You and I are not in possession of those facts [regarding Brady's knee]. There has not been public revelation regarding the nature of his injuries and subsequent treatment and operations. It's difficult to assess his future. And only the Patriots' medical team and coaches and front office are involved in that balancing act. But I will say that every year the premium on escapability becomes higher.

Unless the condition of Brady's knee is something that is career-threatening, that is his job for many years to come. He's an institution with the Patriots and certainly their most valuable player.

The position of franchise quarterback is the most excruciatingly difficult spot on a roster to fill, and teams spend years on a frustrating search. Quarterbacks are playing well into their 30s, and Brady has been as productive in reaching the ultimate prize of the Super Bowl in a way that's virtually unparalleled.

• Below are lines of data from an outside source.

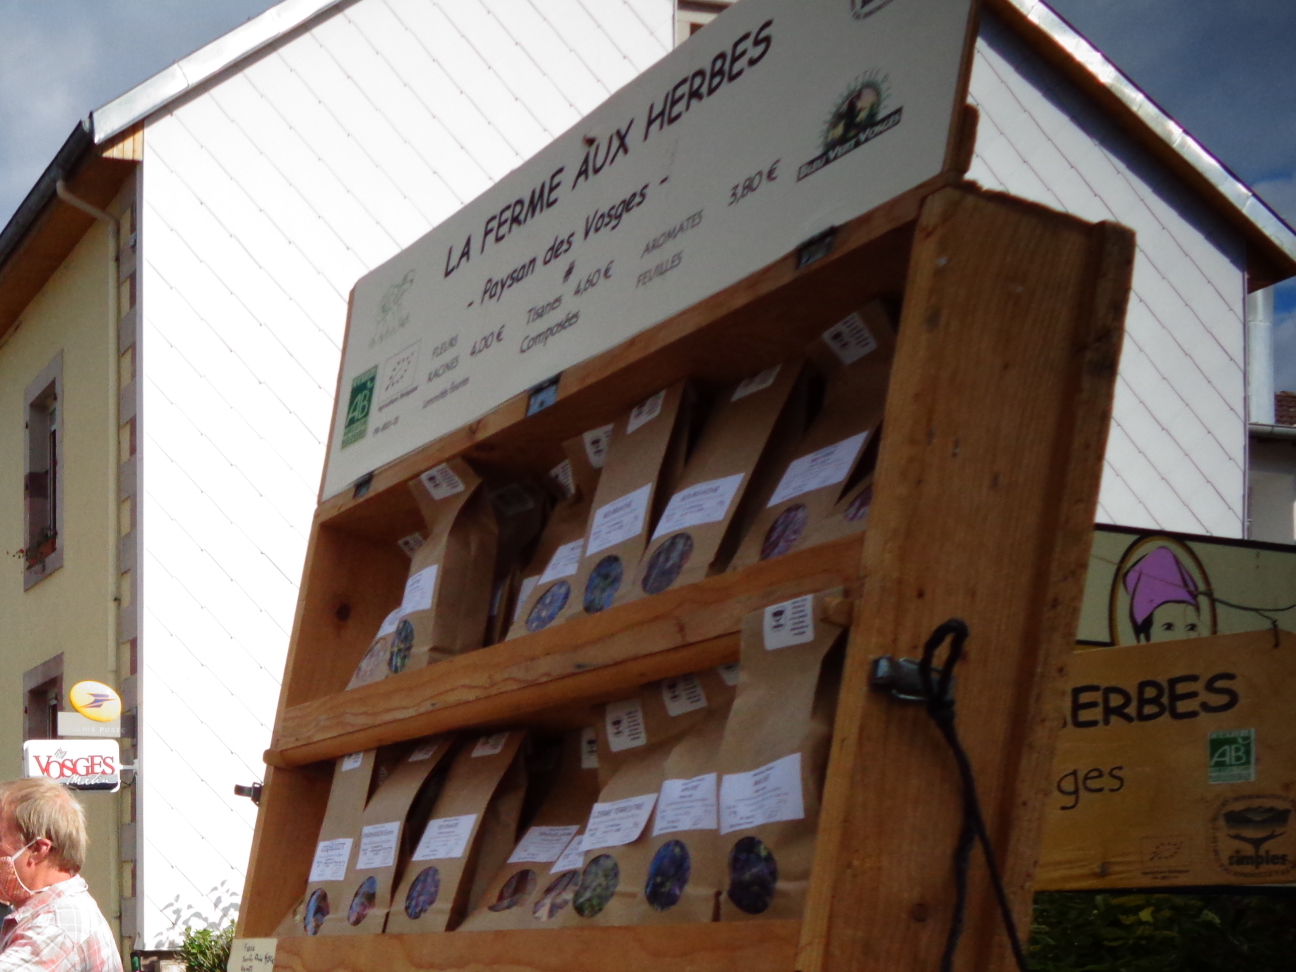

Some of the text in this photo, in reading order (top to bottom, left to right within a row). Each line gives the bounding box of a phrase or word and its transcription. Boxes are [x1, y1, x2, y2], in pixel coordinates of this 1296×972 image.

[444, 19, 774, 279] LA FERME AUX HERBES
[728, 159, 781, 207] 3,80 €
[481, 256, 537, 305] Paysan
[543, 231, 575, 266] des
[584, 183, 649, 241] Vosges
[641, 209, 704, 260] AROMATES
[573, 260, 615, 297] 4,60 €
[635, 251, 684, 289] FEUILLES
[526, 295, 562, 325] Tisanes
[431, 334, 460, 360] FLEURS
[470, 324, 506, 358] 4,00 €
[519, 309, 580, 354] Composées
[427, 355, 460, 384] RACINES
[1061, 672, 1240, 728] ERBES
[33, 755, 115, 779] VOSGES
[1210, 744, 1247, 766] AB
[1056, 765, 1125, 811] ges
[1228, 850, 1288, 869] simples

That's the difficult assessment that they have to make because the one element that can hamper the effectiveness of any quarterback in the contemporary NFL is the lack of mobility. So I often I hear people say that as long a quarterback is not hurt in his legs he can play easily into his early 40s. But given the nature of a withering rush and the limitation the salary cap has of assembling a line of five All-Pro offensive linemen, the quarterback will be under pressure and need to have escapability.

It's not his age because quarterbacks can play -- without injuries to their legs -- as long as they have escapability, and it doesn't have to be speed. It can be quick release, pocket anticipation. But as long as they can avoid being hit consistently, which is a process fraught with peril, they can play productively for 15 years or more because their decision-making and game command get better with each passing year, and Brady, if he's not the most dominant, is at least in the top two or three quarterbacks in the National Football League today, a future Hall of Famer and impossible to replace.

If the No. 1 quarterback has a massive amount of cap dollars tied up in him, generally his backup will be a veteran of much lesser talent or a younger mid-round draft pick who has not played much.